* [Exercise prompt]: So that the copy stays text only, transcribe the data below exactly and exclude the images.
[Given records Boundary: Start]
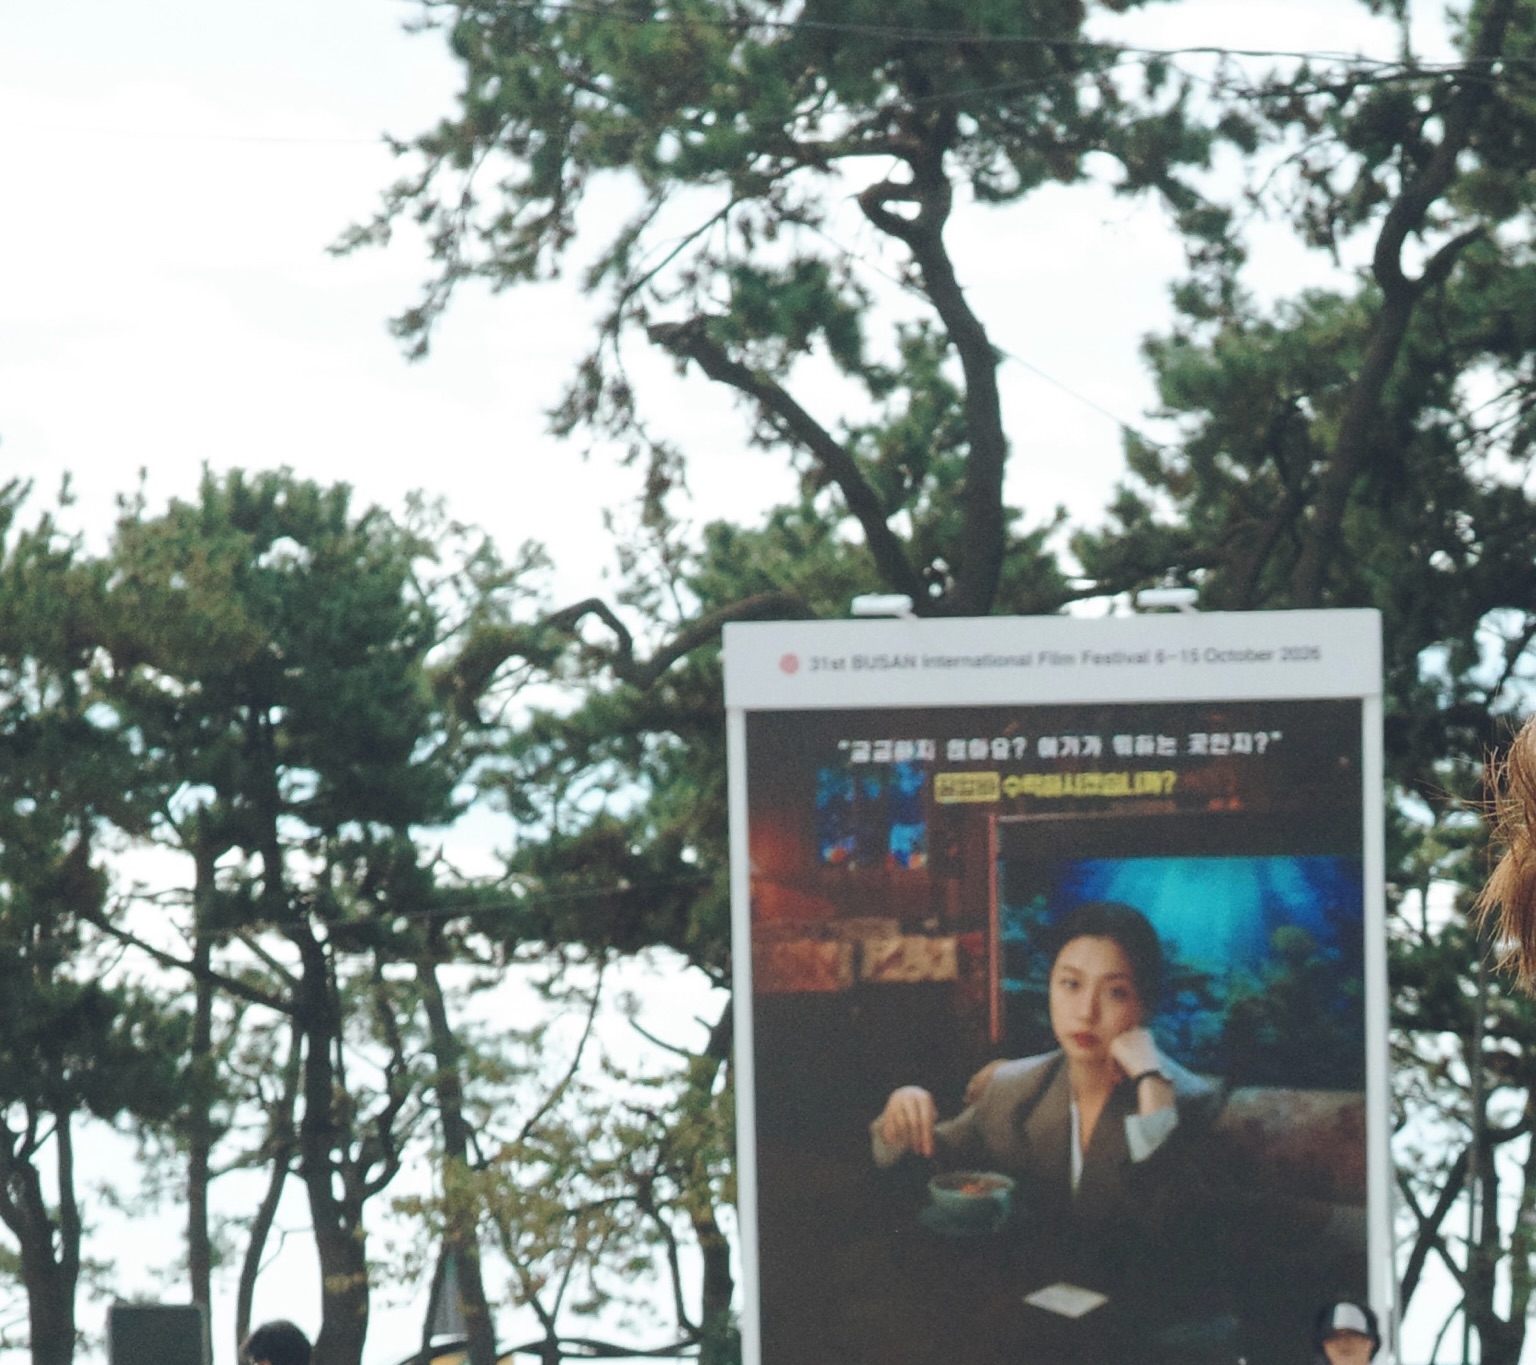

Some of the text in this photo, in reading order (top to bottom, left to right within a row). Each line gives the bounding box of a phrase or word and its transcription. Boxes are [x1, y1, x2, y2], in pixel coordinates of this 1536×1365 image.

[808, 655, 846, 671] 31st
[852, 653, 916, 671] BUSAN
[921, 651, 1034, 669] International
[1037, 650, 1076, 665] Film
[1080, 649, 1148, 665] Festival
[1203, 647, 1272, 664] October
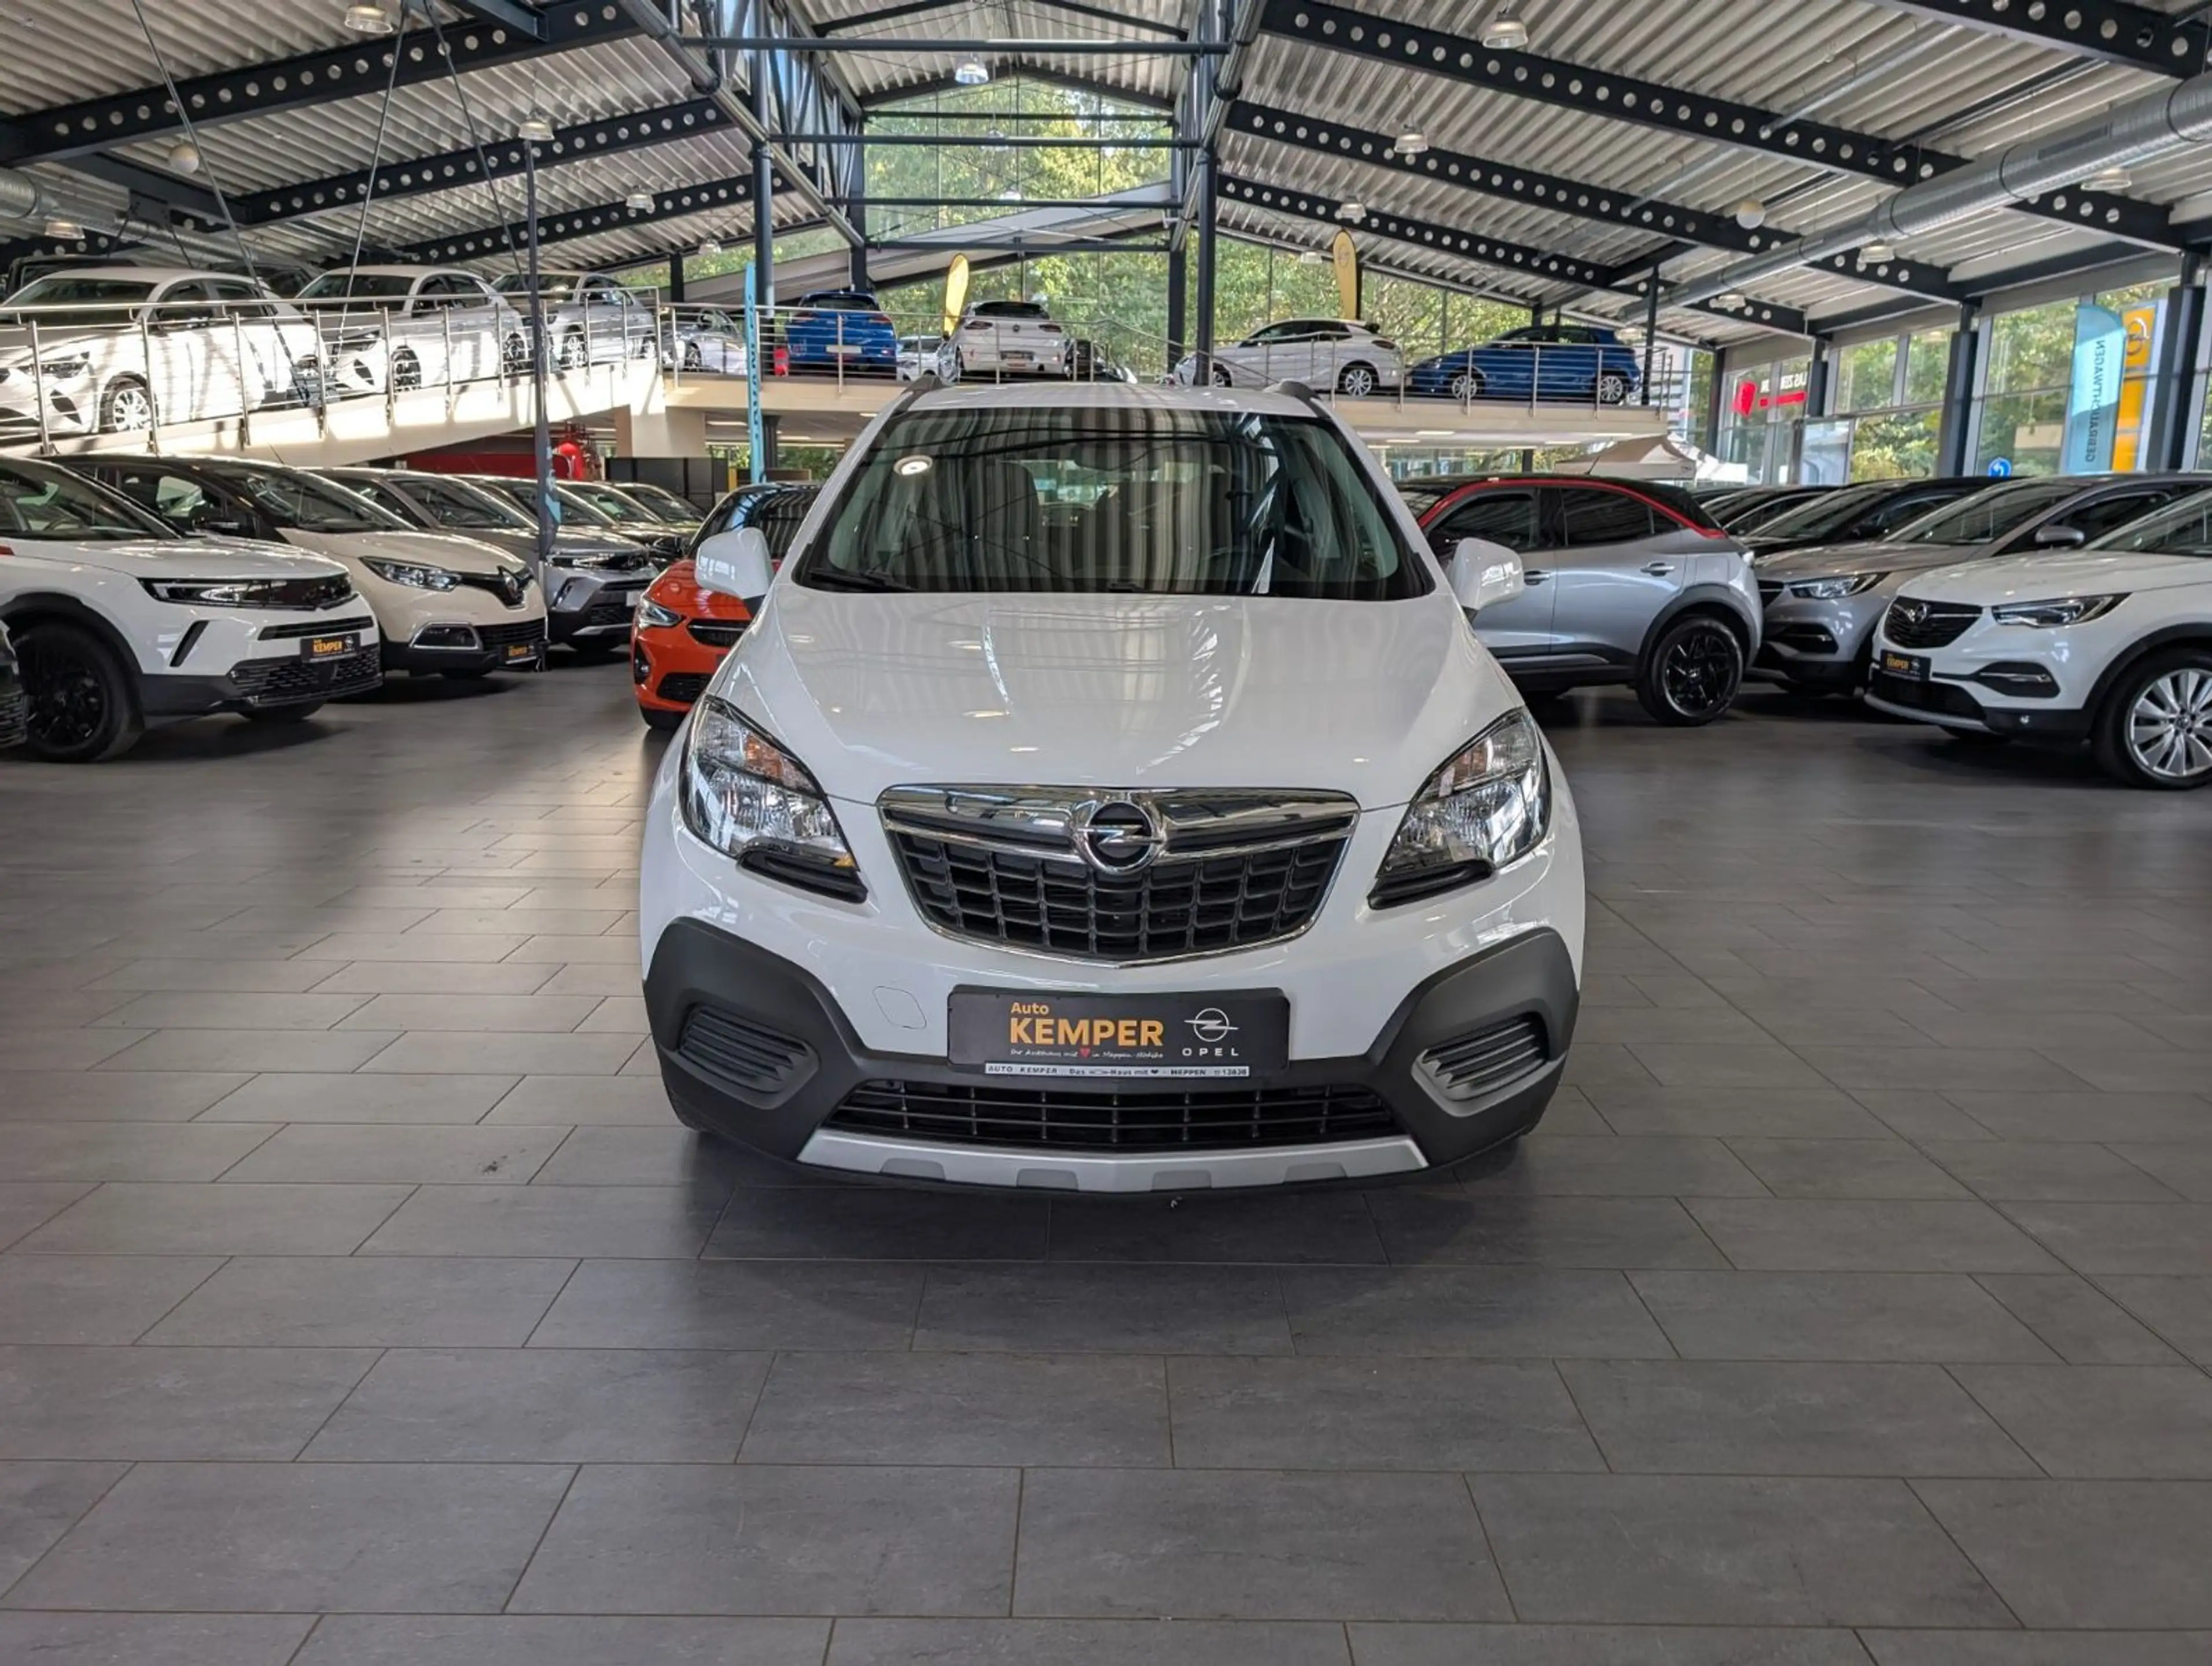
[Given records Boundary: End]
* [Solution]:
Some of the text in this photo, in reading order (top to bottom, left to right within a row). Each line gives the bounding box of a phrase or word and its transcription. Boxes are [x1, y1, x2, y2], in pixel coordinates of this 1536×1365 image.

[808, 655, 846, 671] 31st
[852, 653, 916, 671] BUSAN
[921, 651, 1034, 669] International
[1037, 650, 1076, 665] Film
[1080, 649, 1148, 665] Festival
[1203, 647, 1272, 664] October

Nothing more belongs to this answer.